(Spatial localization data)
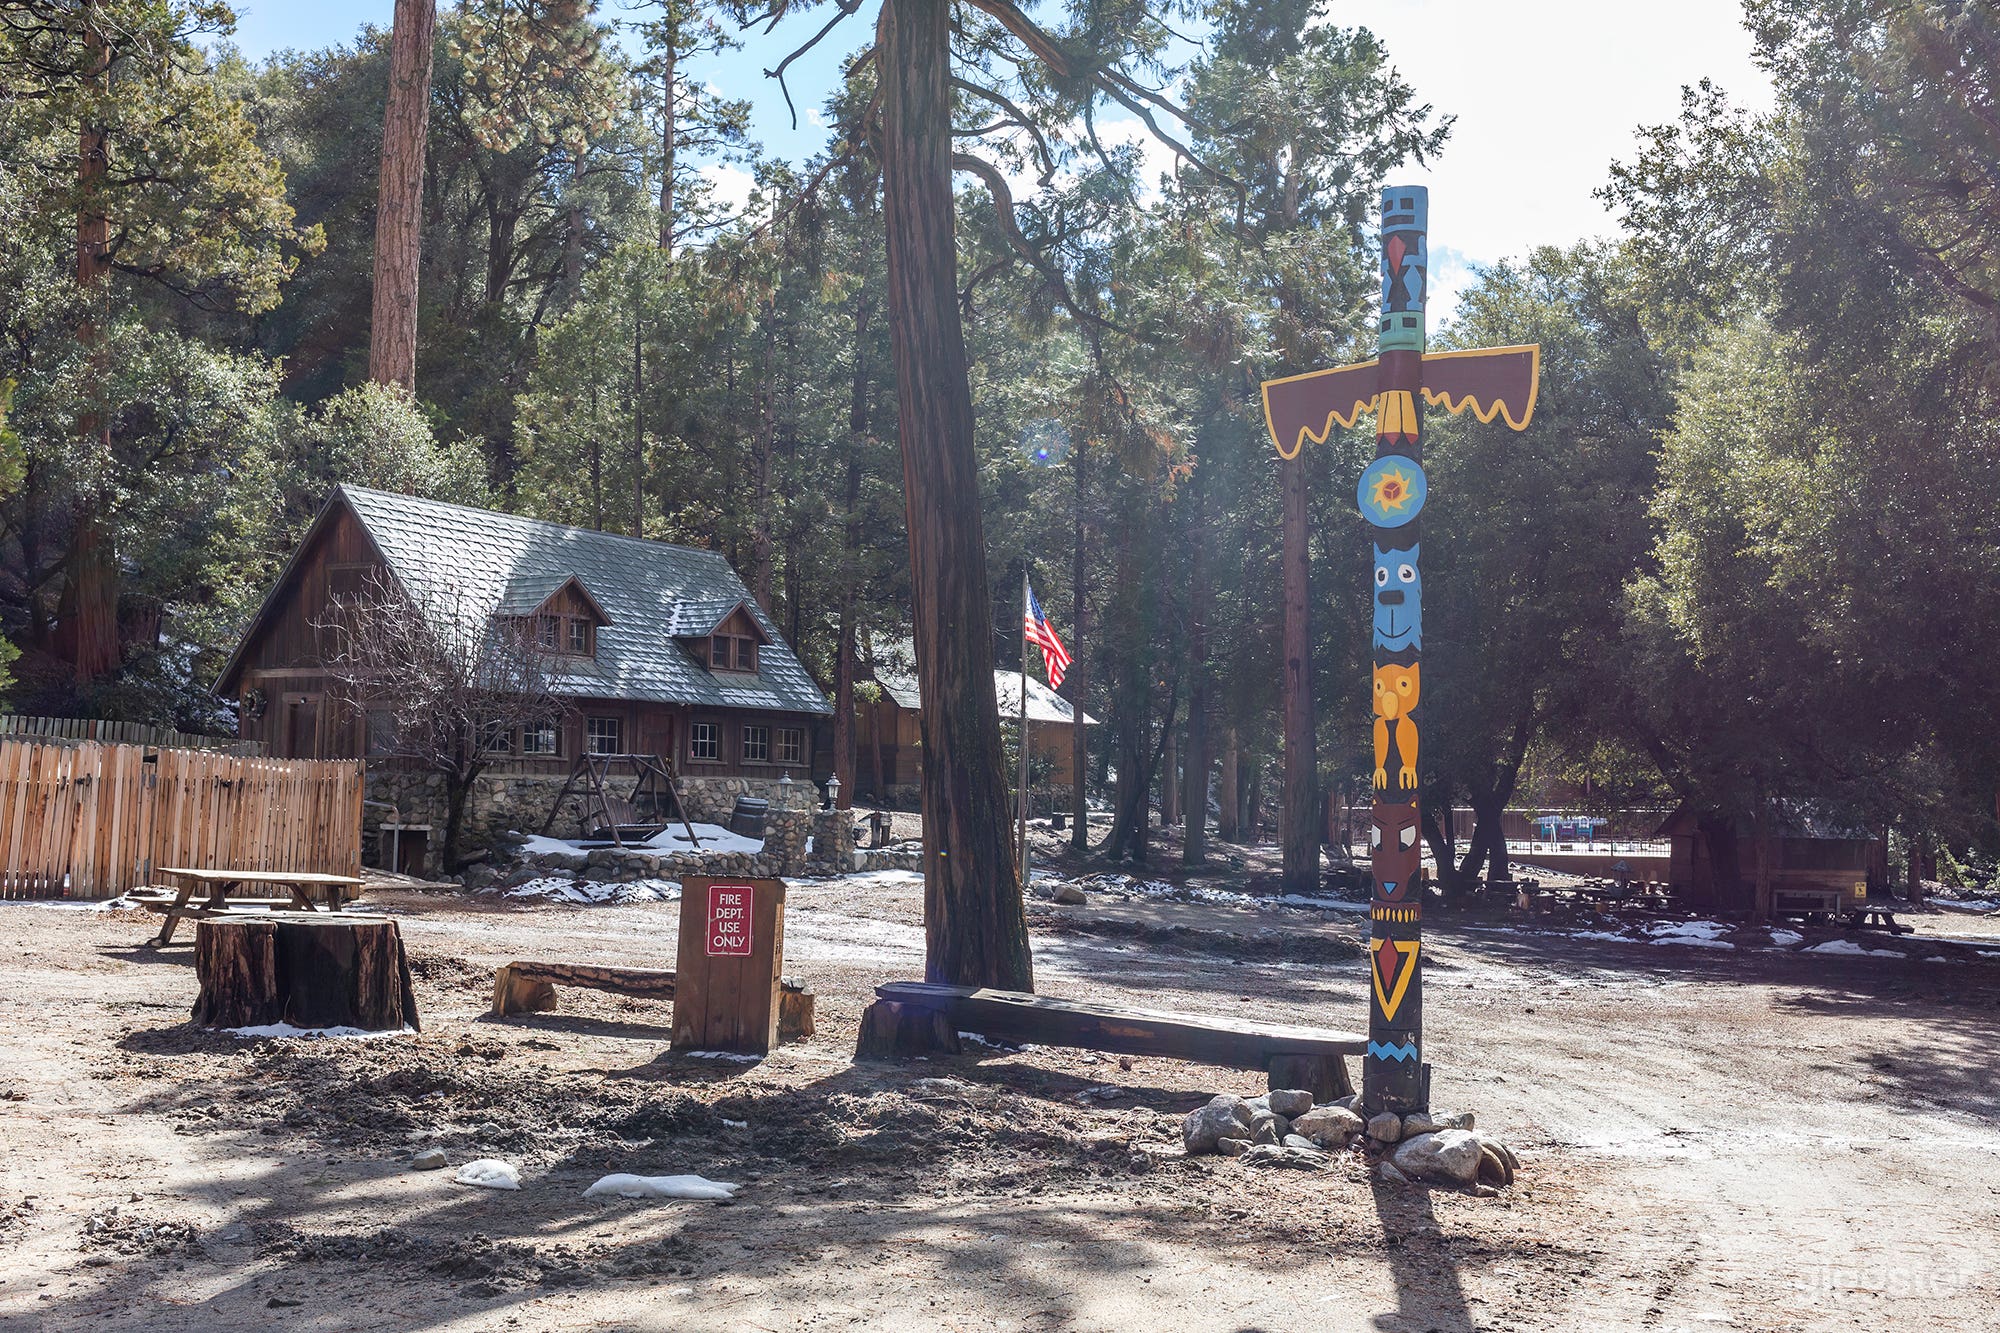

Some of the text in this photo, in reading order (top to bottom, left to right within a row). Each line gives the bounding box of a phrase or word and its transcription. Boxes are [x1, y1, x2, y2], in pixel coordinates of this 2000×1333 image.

[719, 893, 742, 905] FIRE
[715, 907, 744, 919] DEPT.
[718, 922, 740, 933] USE
[713, 935, 745, 947] ONLY
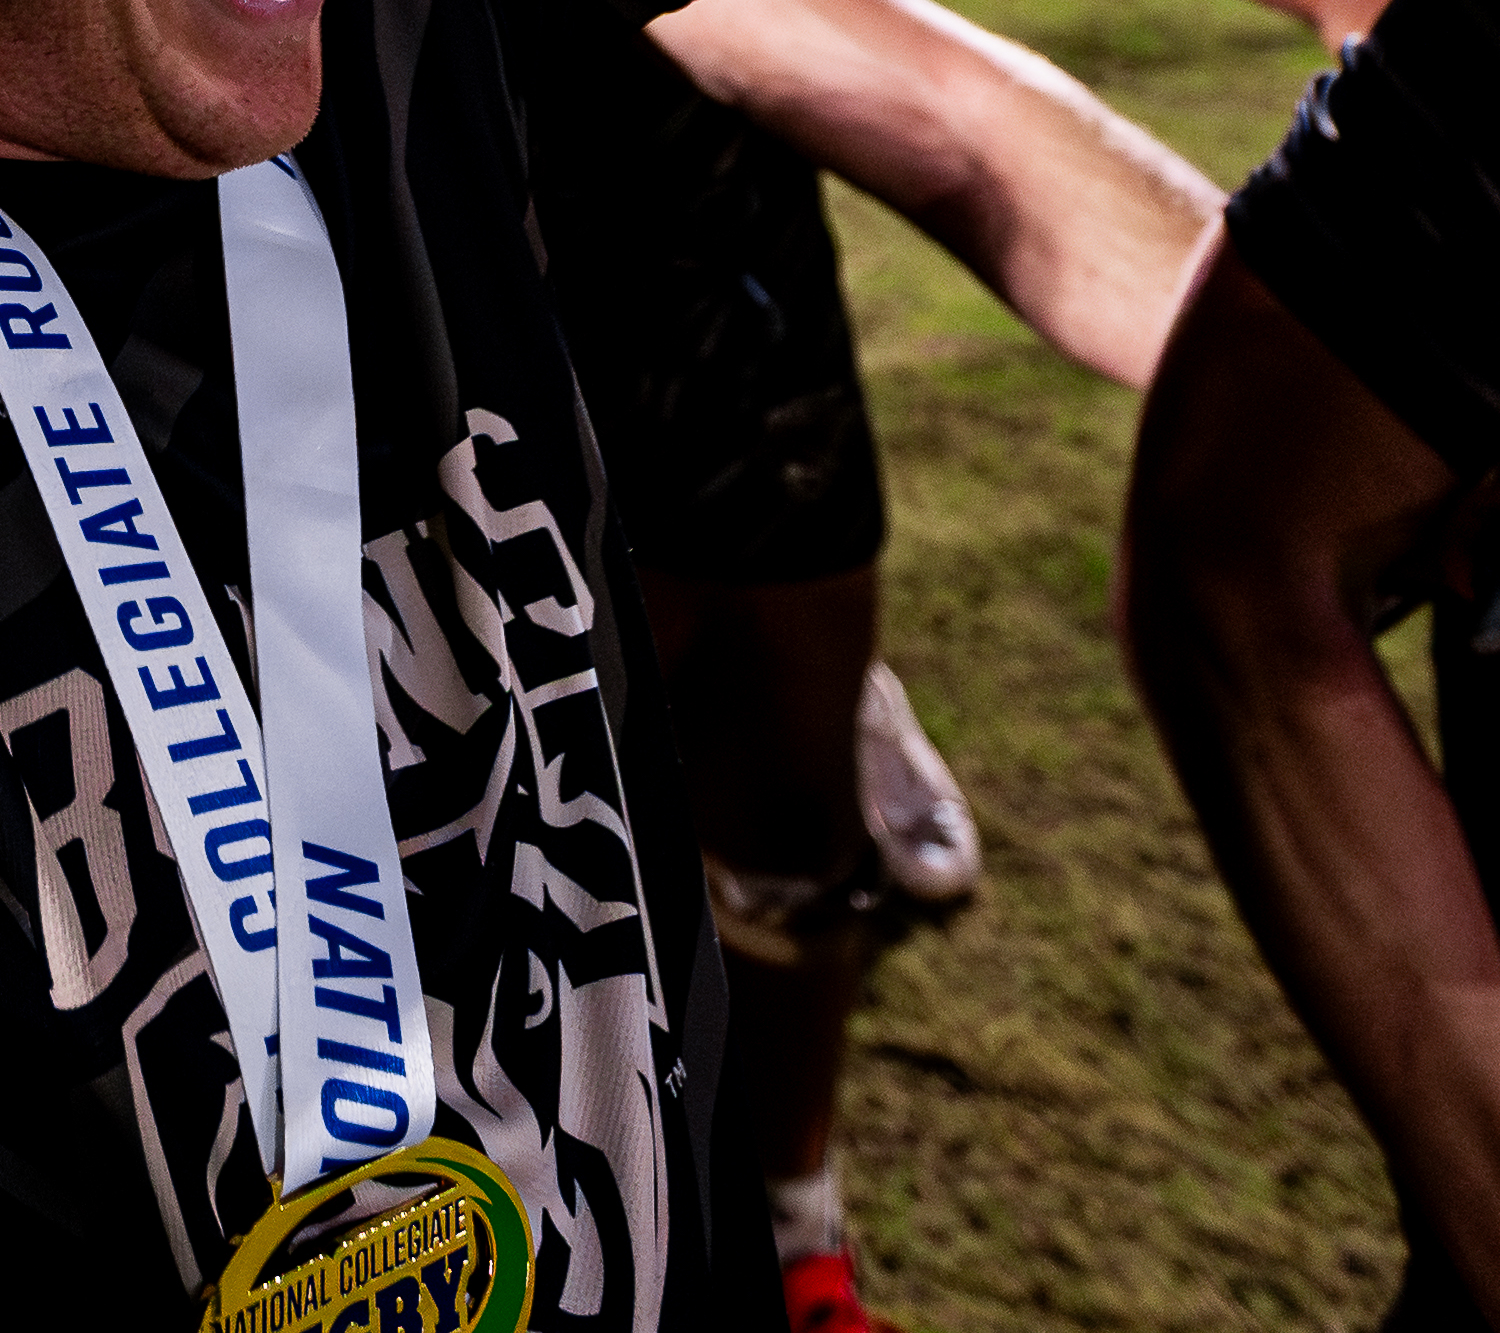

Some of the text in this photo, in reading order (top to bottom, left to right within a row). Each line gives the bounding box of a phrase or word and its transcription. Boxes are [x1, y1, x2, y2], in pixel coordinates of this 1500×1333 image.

[33, 402, 278, 954] COLLEGIATE
[302, 840, 411, 1174] NATIO
[339, 1194, 468, 1297] COLLEGIATE

TASK TO COMPLETE:
The entries above need to be repeated in full, word for word. Skip the images.

EXERCISE RESULT:
Some of the text in this photo, in reading order (top to bottom, left to right within a row). Each line gives the bounding box of a phrase or word and its transcription. Boxes are [x1, y1, x2, y2], in pixel coordinates of this 2000×1333 image.

[719, 893, 742, 905] FIRE
[715, 907, 744, 919] DEPT.
[718, 922, 740, 933] USE
[713, 935, 745, 947] ONLY

Some of the text in this photo, in reading order (top to bottom, left to right within a row). Each line gives the bounding box of a phrase or word and its transcription. Boxes are [x1, y1, x2, y2], in pixel coordinates of this 1500×1333 image.

[33, 402, 278, 954] COLLEGIATE
[302, 840, 411, 1174] NATIO
[339, 1194, 468, 1297] COLLEGIATE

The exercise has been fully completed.